- What the exercise asks -
Every record must come back unchanged, apart from the pictures, which are dropped.
*** Material supplied ***
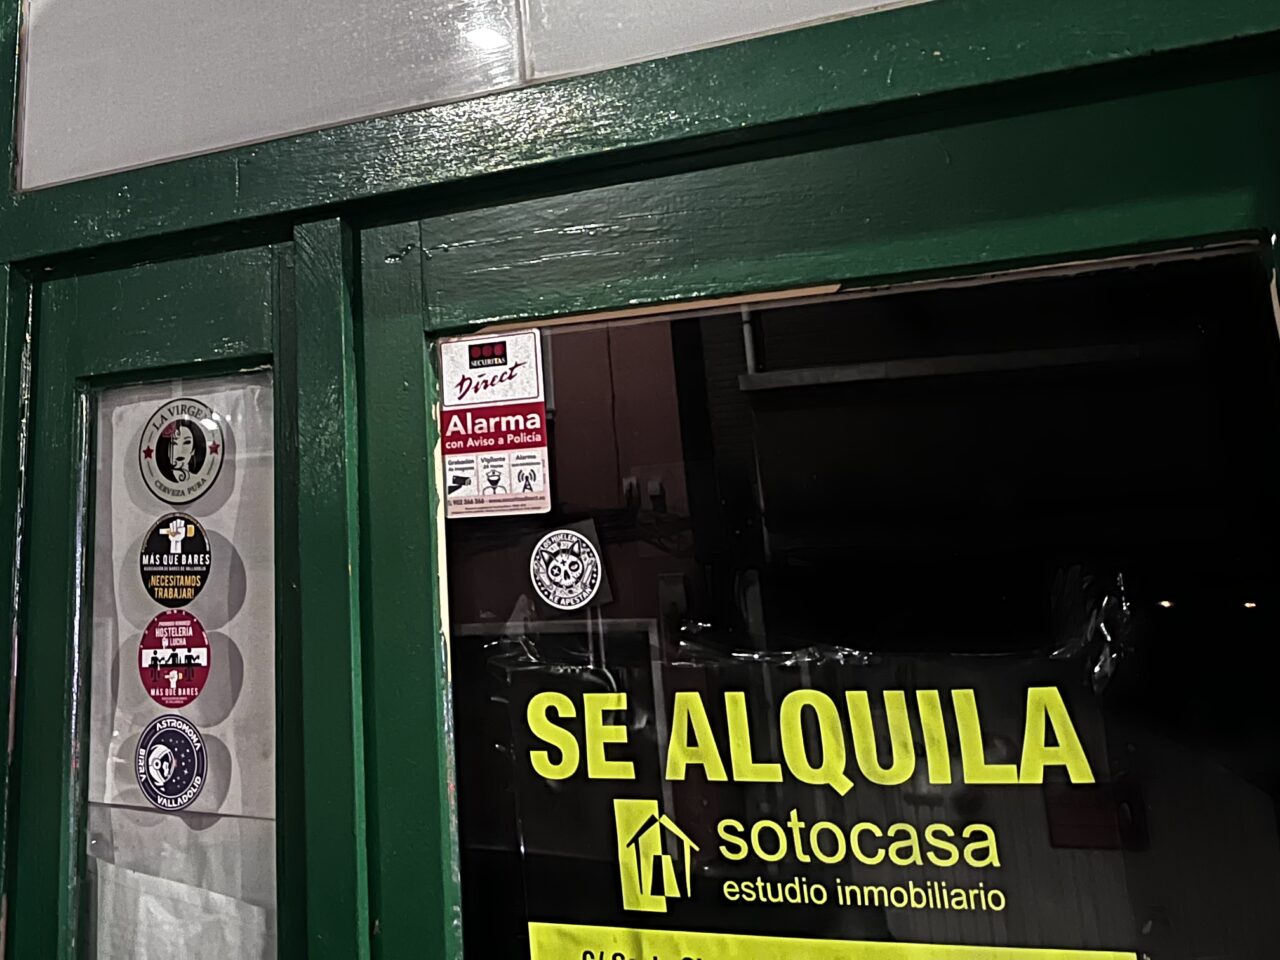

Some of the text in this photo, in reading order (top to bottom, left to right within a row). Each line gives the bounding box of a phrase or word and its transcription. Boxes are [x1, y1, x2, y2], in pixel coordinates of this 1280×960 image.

[470, 357, 506, 367] SECURITAS
[454, 361, 527, 400] Direct
[152, 414, 169, 431] LA
[445, 412, 541, 437] Alarma
[445, 431, 542, 449] con Aviso a Policía
[154, 477, 207, 496] CERVEZA PURA
[162, 554, 179, 565] QUE
[181, 553, 210, 565] BARES
[153, 587, 195, 599] TRABAJAR!
[526, 686, 1096, 797] SE ALQUILA
[157, 775, 202, 807] VALLADOLID
[719, 808, 1001, 868] sotocasa
[723, 876, 1006, 912] estudio inmobiliario
*** End of Material supplied ***
- Answer below -
Some of the text in this photo, in reading order (top to bottom, left to right within a row). Each line gives the bounding box of a phrase or word and its transcription. Boxes are [x1, y1, x2, y2], in pixel coordinates of this 1280×960 image.

[470, 357, 506, 367] SECURITAS
[454, 361, 527, 400] Direct
[152, 414, 169, 431] LA
[445, 412, 541, 437] Alarma
[445, 431, 542, 449] con Aviso a Policía
[154, 477, 207, 496] CERVEZA PURA
[162, 554, 179, 565] QUE
[181, 553, 210, 565] BARES
[153, 587, 195, 599] TRABAJAR!
[526, 686, 1096, 797] SE ALQUILA
[157, 775, 202, 807] VALLADOLID
[719, 808, 1001, 868] sotocasa
[723, 876, 1006, 912] estudio inmobiliario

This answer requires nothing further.